BEGIN

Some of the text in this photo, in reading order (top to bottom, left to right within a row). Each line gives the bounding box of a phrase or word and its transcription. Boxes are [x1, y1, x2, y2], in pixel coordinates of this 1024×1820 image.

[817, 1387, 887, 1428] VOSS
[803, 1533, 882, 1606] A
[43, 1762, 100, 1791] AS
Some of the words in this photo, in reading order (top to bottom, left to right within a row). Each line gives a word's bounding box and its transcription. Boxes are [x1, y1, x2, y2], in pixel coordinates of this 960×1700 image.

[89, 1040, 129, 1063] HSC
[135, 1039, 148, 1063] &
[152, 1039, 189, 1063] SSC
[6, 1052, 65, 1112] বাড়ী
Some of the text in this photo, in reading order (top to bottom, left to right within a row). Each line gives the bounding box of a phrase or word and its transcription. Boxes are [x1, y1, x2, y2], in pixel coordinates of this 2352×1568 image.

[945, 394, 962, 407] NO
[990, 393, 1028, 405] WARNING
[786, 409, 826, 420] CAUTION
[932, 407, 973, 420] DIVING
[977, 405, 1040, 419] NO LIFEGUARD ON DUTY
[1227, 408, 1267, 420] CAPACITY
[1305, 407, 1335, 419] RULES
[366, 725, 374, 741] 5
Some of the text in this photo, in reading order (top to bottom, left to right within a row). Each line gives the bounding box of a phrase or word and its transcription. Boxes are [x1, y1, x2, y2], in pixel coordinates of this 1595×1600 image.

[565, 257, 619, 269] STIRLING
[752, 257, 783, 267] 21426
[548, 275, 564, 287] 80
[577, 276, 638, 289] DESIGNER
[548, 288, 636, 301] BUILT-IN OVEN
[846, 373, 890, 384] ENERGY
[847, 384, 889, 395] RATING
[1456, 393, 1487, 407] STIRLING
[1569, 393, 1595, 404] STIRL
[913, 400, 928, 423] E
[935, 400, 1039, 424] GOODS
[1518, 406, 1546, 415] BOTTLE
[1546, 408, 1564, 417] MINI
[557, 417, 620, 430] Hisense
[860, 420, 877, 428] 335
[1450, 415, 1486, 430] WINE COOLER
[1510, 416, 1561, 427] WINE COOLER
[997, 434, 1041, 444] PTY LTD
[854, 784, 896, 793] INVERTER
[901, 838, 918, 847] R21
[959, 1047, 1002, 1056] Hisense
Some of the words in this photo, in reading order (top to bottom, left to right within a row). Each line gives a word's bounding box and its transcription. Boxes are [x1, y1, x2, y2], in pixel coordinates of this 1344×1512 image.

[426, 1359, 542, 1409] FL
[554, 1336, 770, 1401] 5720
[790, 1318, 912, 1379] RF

END

**TASK INSTRUCTIONS**:
Nothing may be dropped or altered. Copy every line above.

**TASK RESULT**:
Some of the text in this photo, in reading order (top to bottom, left to right within a row). Each line gives the bounding box of a phrase or word and its transcription. Boxes are [x1, y1, x2, y2], in pixel coordinates of this 1024×1820 image.

[817, 1387, 887, 1428] VOSS
[803, 1533, 882, 1606] A
[43, 1762, 100, 1791] AS
Some of the words in this photo, in reading order (top to bottom, left to right within a row). Each line gives a word's bounding box and its transcription. Boxes are [x1, y1, x2, y2], in pixel coordinates of this 960×1700 image.

[89, 1040, 129, 1063] HSC
[135, 1039, 148, 1063] &
[152, 1039, 189, 1063] SSC
[6, 1052, 65, 1112] বাড়ী
Some of the text in this photo, in reading order (top to bottom, left to right within a row). Each line gives the bounding box of a phrase or word and its transcription. Boxes are [x1, y1, x2, y2], in pixel coordinates of this 2352×1568 image.

[945, 394, 962, 407] NO
[990, 393, 1028, 405] WARNING
[786, 409, 826, 420] CAUTION
[932, 407, 973, 420] DIVING
[977, 405, 1040, 419] NO LIFEGUARD ON DUTY
[1227, 408, 1267, 420] CAPACITY
[1305, 407, 1335, 419] RULES
[366, 725, 374, 741] 5
Some of the text in this photo, in reading order (top to bottom, left to right within a row). Each line gives the bounding box of a phrase or word and its transcription. Boxes are [x1, y1, x2, y2], in pixel coordinates of this 1595×1600 image.

[565, 257, 619, 269] STIRLING
[752, 257, 783, 267] 21426
[548, 275, 564, 287] 80
[577, 276, 638, 289] DESIGNER
[548, 288, 636, 301] BUILT-IN OVEN
[846, 373, 890, 384] ENERGY
[847, 384, 889, 395] RATING
[1456, 393, 1487, 407] STIRLING
[1569, 393, 1595, 404] STIRL
[913, 400, 928, 423] E
[935, 400, 1039, 424] GOODS
[1518, 406, 1546, 415] BOTTLE
[1546, 408, 1564, 417] MINI
[557, 417, 620, 430] Hisense
[860, 420, 877, 428] 335
[1450, 415, 1486, 430] WINE COOLER
[1510, 416, 1561, 427] WINE COOLER
[997, 434, 1041, 444] PTY LTD
[854, 784, 896, 793] INVERTER
[901, 838, 918, 847] R21
[959, 1047, 1002, 1056] Hisense
Some of the words in this photo, in reading order (top to bottom, left to right within a row). Each line gives a word's bounding box and its transcription. Boxes are [x1, y1, x2, y2], in pixel coordinates of this 1344×1512 image.

[426, 1359, 542, 1409] FL
[554, 1336, 770, 1401] 5720
[790, 1318, 912, 1379] RF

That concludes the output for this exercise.